SOP for Preparation of Protein-Based Lyophilized Formulations

Standard Operating Procedure for Preparation of Protein-Based Lyophilized Formulations

1) Purpose

The purpose of this SOP is to provide guidelines for the preparation of protein-based formulations intended for lyophilization. It ensures the stability and activity of proteins throughout the process, maintaining their biological functionality.

2) Scope

This SOP applies to all personnel involved in the preparation of protein-based formulations for lyophilized products, including formulation scientists, production operators, and QA teams.

3) Responsibilities

Formulation Scientists: Responsible for designing the protein formulation and selecting appropriate stabilizers.
Operators: Responsible for preparing the protein-based solution following the Batch Manufacturing Record (BMR).
QA: Responsible for verifying the process and ensuring all documentation is accurate.

4) Procedure

4.1 Preparation of Protein Solution

4.1.1 Equipment Setup

4.1.1.1 Ensure that all equipment used in the preparation is sanitized and calibrated.
4.1.1.2 Prepare sterile containers for the solution and maintain a cleanroom environment to prevent contamination.

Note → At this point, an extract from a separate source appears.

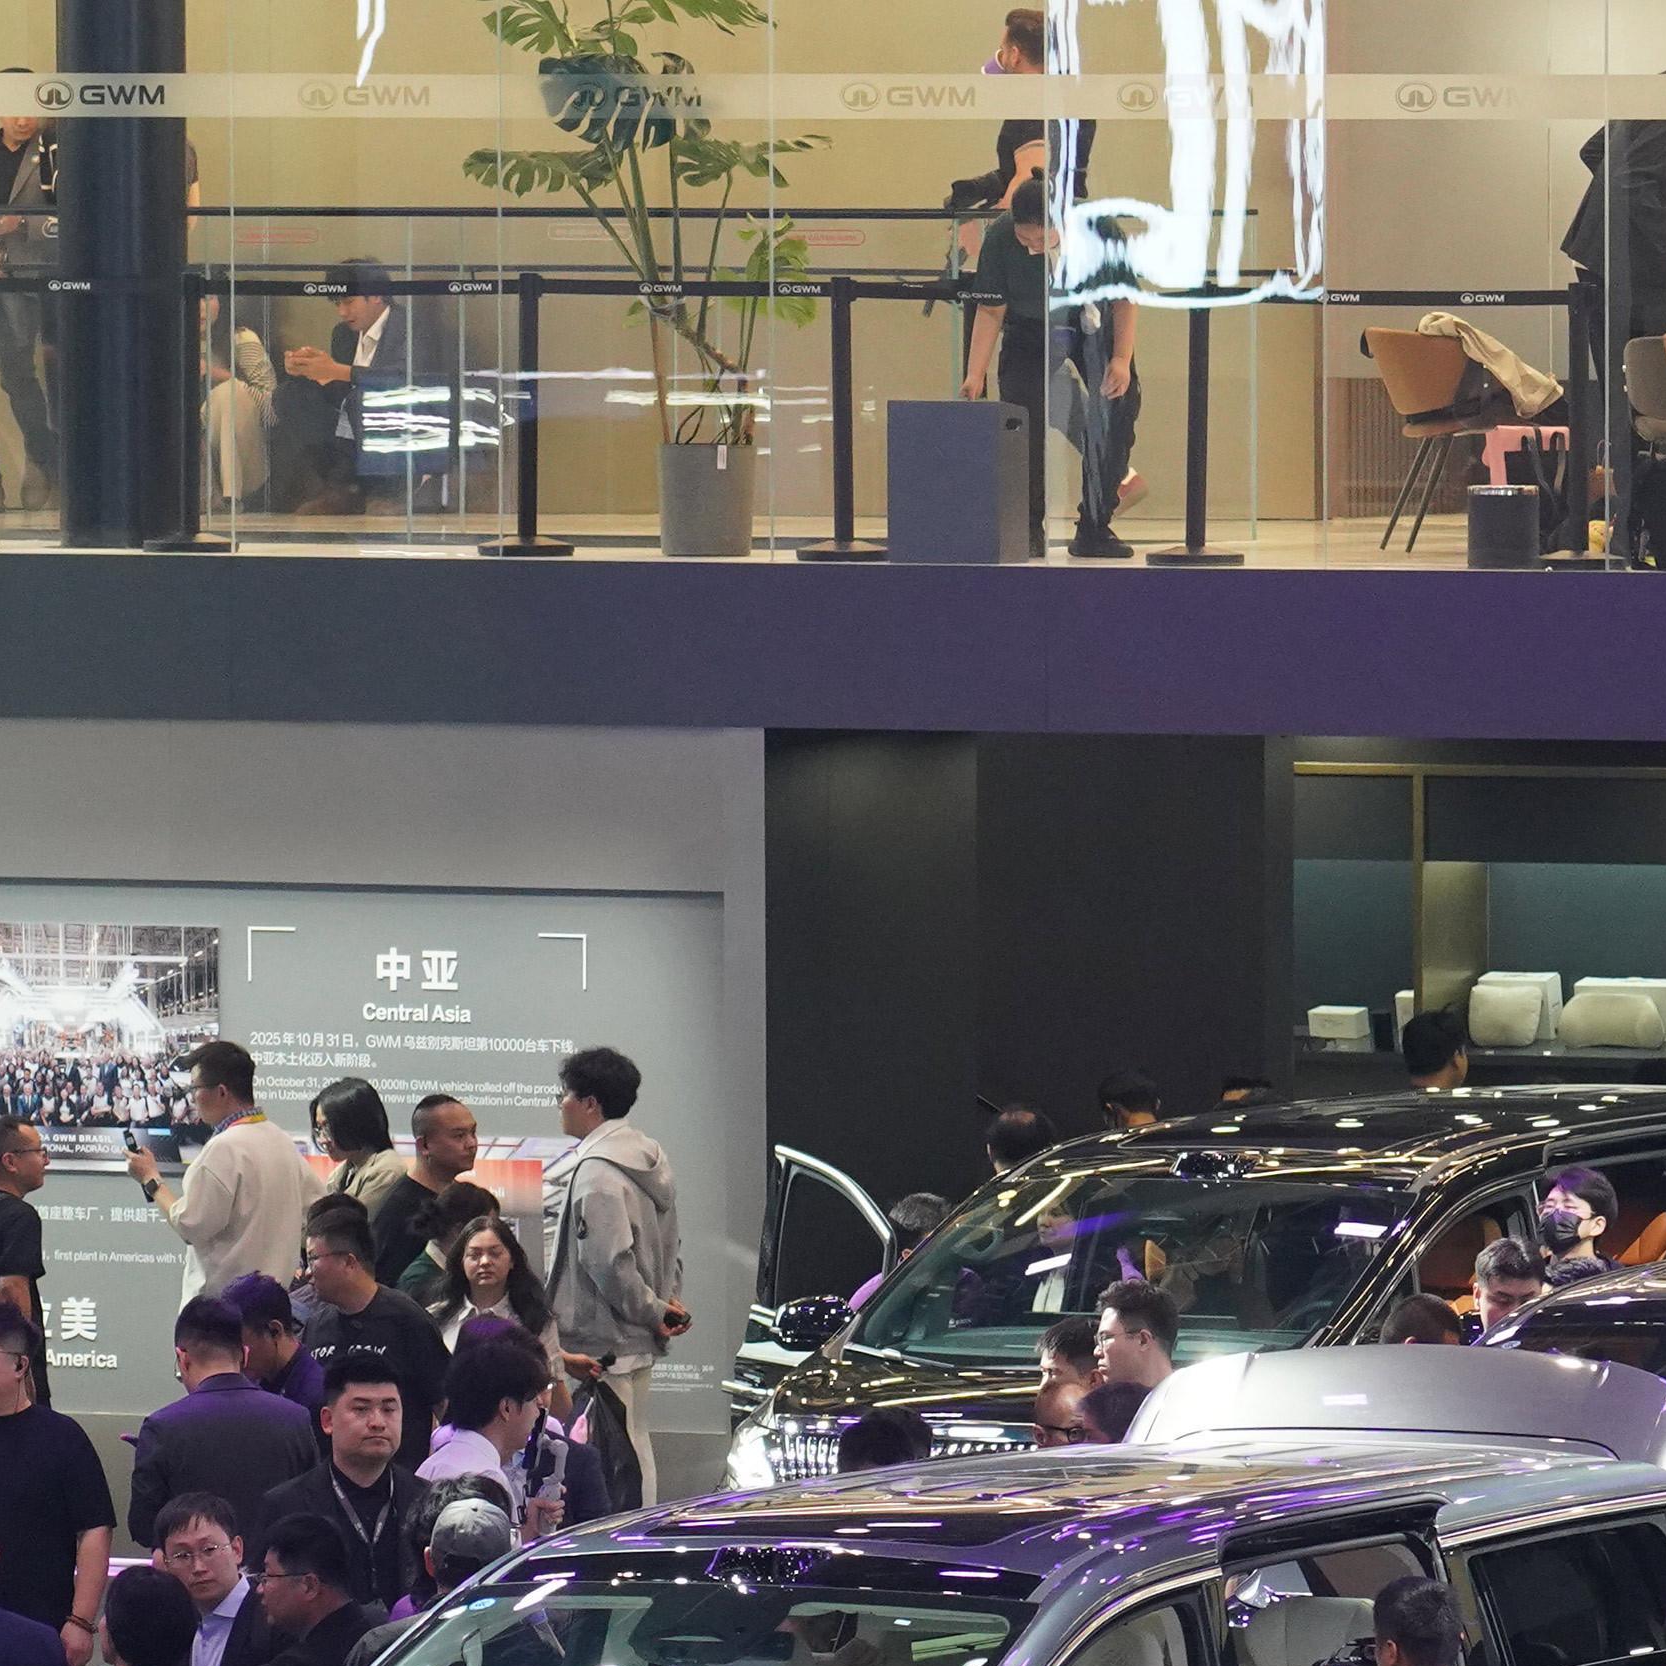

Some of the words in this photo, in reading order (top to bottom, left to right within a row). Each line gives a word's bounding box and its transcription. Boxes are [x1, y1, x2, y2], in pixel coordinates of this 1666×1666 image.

4.1.2 Weighing and Dispensing of Protein

4.1.2.1 Weigh the protein and any excipients using a calibrated balance.
4.1.2.2 Dispense the weighed protein into a sterile solvent (e.g., water for injection, WFI) following the formulation instructions.

4.1.3 Solubilization

4.1.3.1 Stir the solution gently to ensure complete solubilization of the protein without denaturation.
4.1.3.2 Avoid vigorous mixing to prevent foam formation and protein degradation.

4.2 Addition of Stabilizers

4.2.1 Weighing and Adding Stabilizers

4.2.1.1 Weigh the appropriate amount of stabilizer as per the BMR and add it to the protein solution.
4.2.1.2 Ensure that the stabilizer is fully dissolved and properly mixed to protect the protein during lyophilization.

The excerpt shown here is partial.